▶ [Exercise details]: Restate all data exactly. No images.

▶ [Dataset entries]:
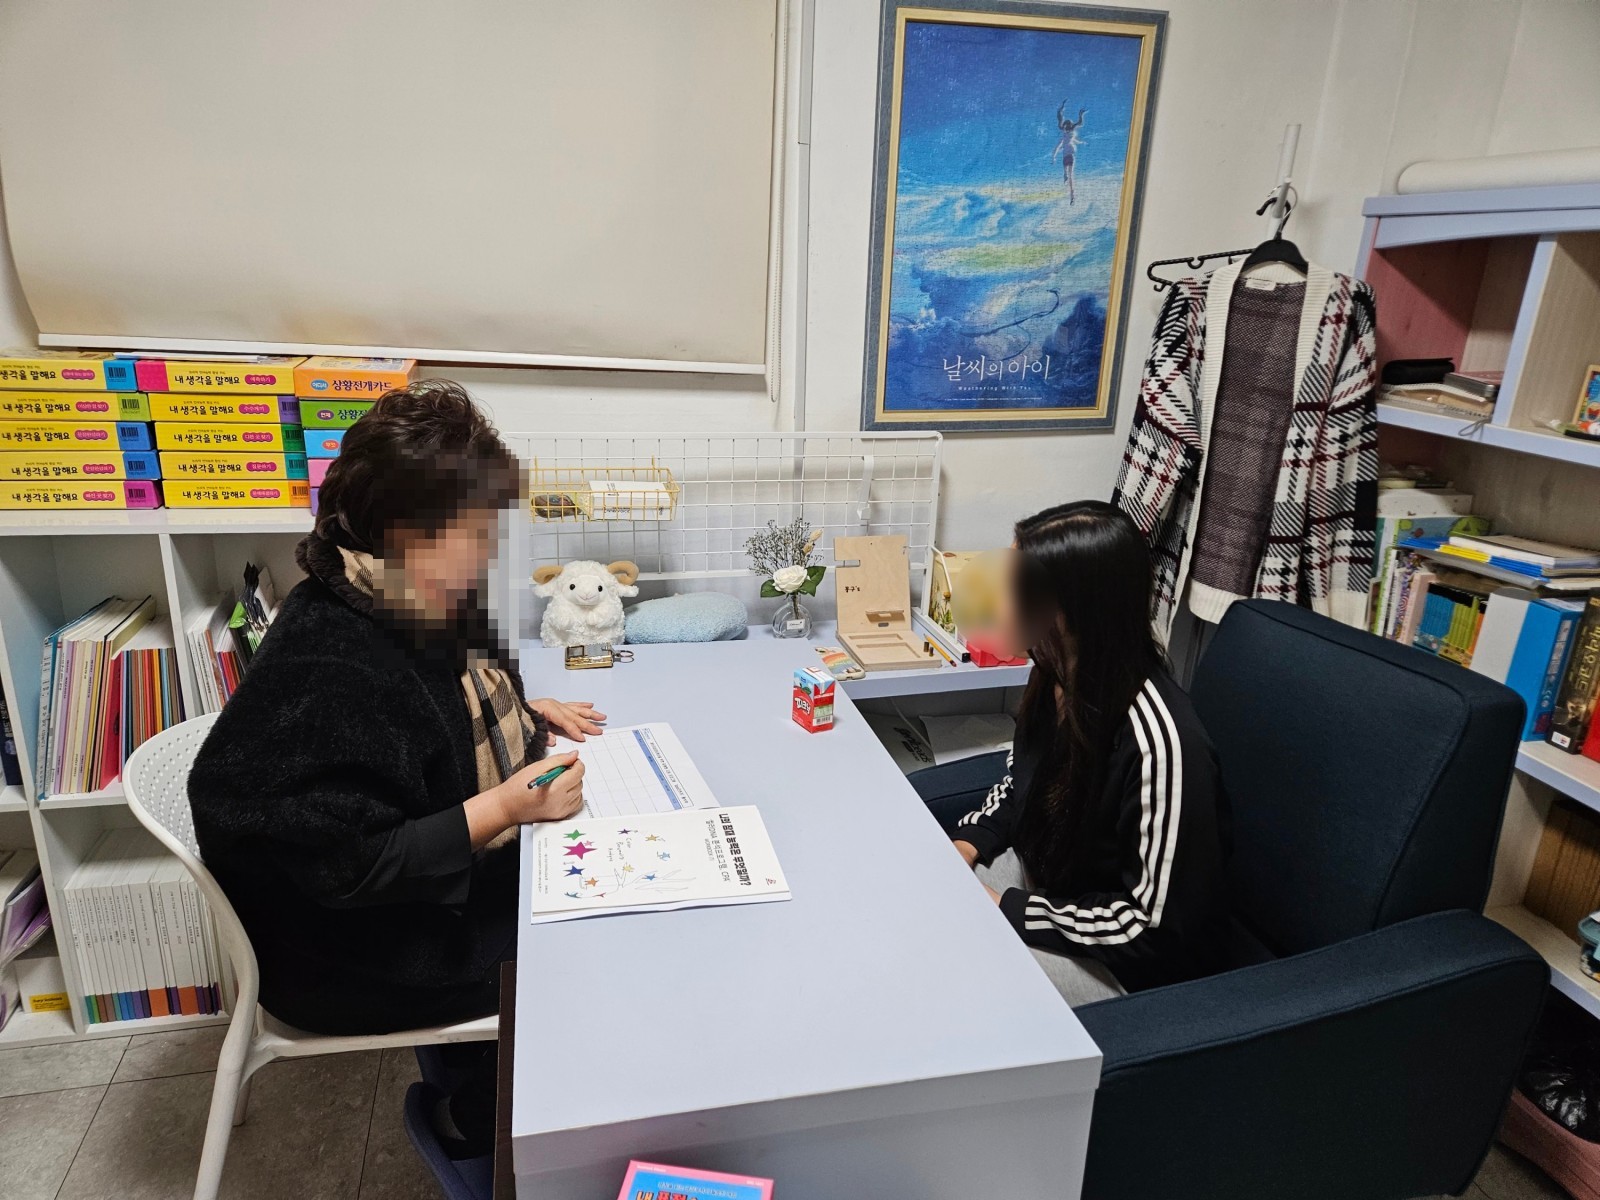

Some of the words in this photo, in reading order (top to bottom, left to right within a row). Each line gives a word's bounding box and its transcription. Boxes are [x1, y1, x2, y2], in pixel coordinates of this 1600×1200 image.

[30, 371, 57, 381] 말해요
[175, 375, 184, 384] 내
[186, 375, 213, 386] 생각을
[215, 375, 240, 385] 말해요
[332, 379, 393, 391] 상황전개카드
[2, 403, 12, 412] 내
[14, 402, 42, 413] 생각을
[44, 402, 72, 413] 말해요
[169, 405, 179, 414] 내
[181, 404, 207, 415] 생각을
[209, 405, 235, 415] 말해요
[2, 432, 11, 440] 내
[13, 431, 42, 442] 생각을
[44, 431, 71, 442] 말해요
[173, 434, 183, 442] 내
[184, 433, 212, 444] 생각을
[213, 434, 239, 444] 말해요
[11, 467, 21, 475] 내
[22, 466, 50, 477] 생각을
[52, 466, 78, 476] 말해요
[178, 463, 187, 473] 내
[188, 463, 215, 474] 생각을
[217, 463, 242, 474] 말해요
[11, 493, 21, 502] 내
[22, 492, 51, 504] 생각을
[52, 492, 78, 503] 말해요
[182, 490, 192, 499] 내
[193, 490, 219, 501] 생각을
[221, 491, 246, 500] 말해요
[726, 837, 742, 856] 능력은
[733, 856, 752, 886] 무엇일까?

▶ [Answer to this problem]:
Some of the words in this photo, in reading order (top to bottom, left to right within a row). Each line gives a word's bounding box and its transcription. Boxes are [x1, y1, x2, y2], in pixel coordinates of this 1600×1200 image.

[30, 371, 57, 381] 말해요
[175, 375, 184, 384] 내
[186, 375, 213, 386] 생각을
[215, 375, 240, 385] 말해요
[332, 379, 393, 391] 상황전개카드
[2, 403, 12, 412] 내
[14, 402, 42, 413] 생각을
[44, 402, 72, 413] 말해요
[169, 405, 179, 414] 내
[181, 404, 207, 415] 생각을
[209, 405, 235, 415] 말해요
[2, 432, 11, 440] 내
[13, 431, 42, 442] 생각을
[44, 431, 71, 442] 말해요
[173, 434, 183, 442] 내
[184, 433, 212, 444] 생각을
[213, 434, 239, 444] 말해요
[11, 467, 21, 475] 내
[22, 466, 50, 477] 생각을
[52, 466, 78, 476] 말해요
[178, 463, 187, 473] 내
[188, 463, 215, 474] 생각을
[217, 463, 242, 474] 말해요
[11, 493, 21, 502] 내
[22, 492, 51, 504] 생각을
[52, 492, 78, 503] 말해요
[182, 490, 192, 499] 내
[193, 490, 219, 501] 생각을
[221, 491, 246, 500] 말해요
[726, 837, 742, 856] 능력은
[733, 856, 752, 886] 무엇일까?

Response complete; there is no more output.